Rezension zu "Europäisches Lobbying. Ein Berufsfeld zwischen Professionalismus und Aktivismus" von Christian Lahusen

Lobbyismus hat einen im Mindesten fragwürdigen Beigeschmack. Sehr wahrscheinlich kommen nicht nur der Verfasserin dieser Rezension beim Stichwort „europäischer Lobbyismus“ Bilder von umschwärmten Kommissionsmitgliedern und lobbyfinanzierten Studien zu Medikamentenwirkungen in den Kopf. Gerade darum geht es in Christian Lahusens Buch über Europäisches Lobbying allerdings nicht: Der Autor möchte europäisches Lobbying vielmehr als Beruf beschreiben und verstehen. Hierfür distanziert er sich von den Inhalten und Gegenständen des Lobbyismus und richtet seine Aufmerksamkeit in erster Linie auf die Lobbyist:innen und ihre Arbeit.
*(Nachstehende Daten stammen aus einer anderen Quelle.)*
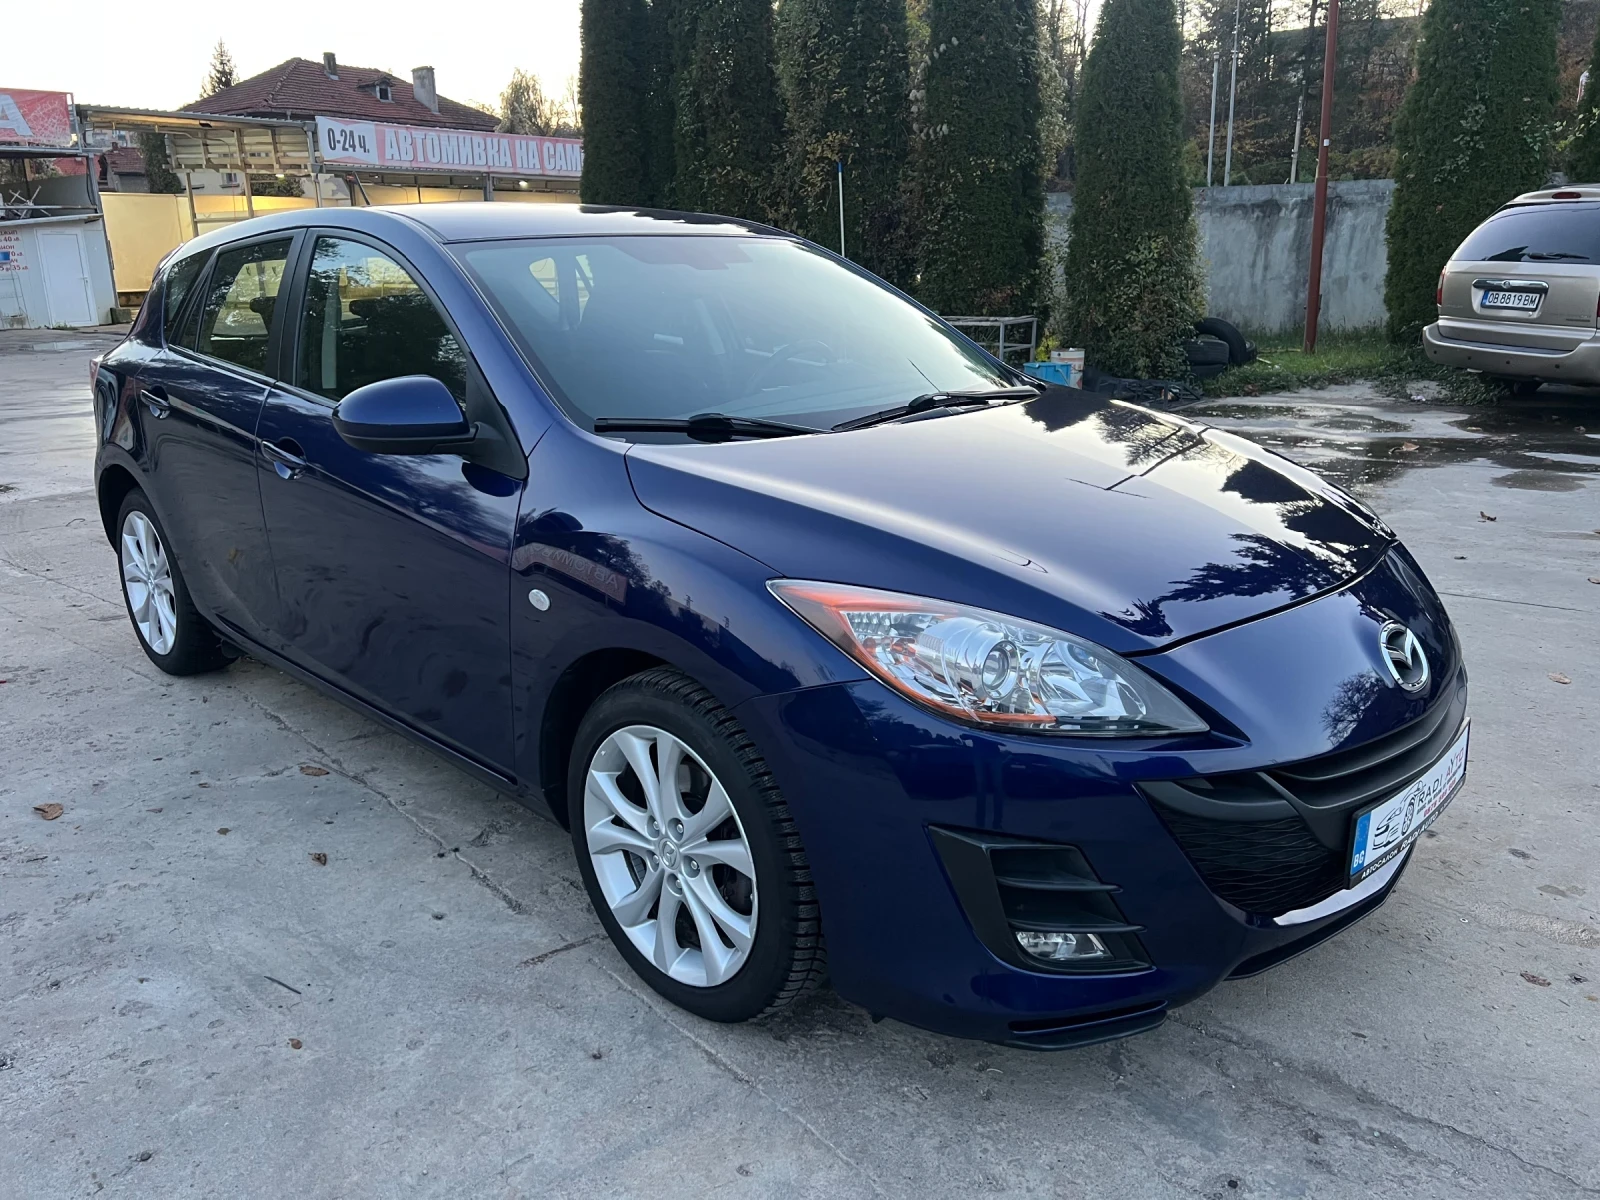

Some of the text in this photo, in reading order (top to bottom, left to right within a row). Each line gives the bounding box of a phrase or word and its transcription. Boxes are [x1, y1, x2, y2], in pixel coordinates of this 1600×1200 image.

Wer Lobby-Skandale oder auch Insider-Wissen aus der europäischen Politikgestaltung sucht, wird hier also nicht fündig. Aber wer sich für die Herausbildung einer bislang weitgehend unerforschten Profession und ihren Platz im europäischen Einigungsprozess interessiert, für den ist der neue Titel des Kultur- und Europasoziologen Lahusen hochspannend.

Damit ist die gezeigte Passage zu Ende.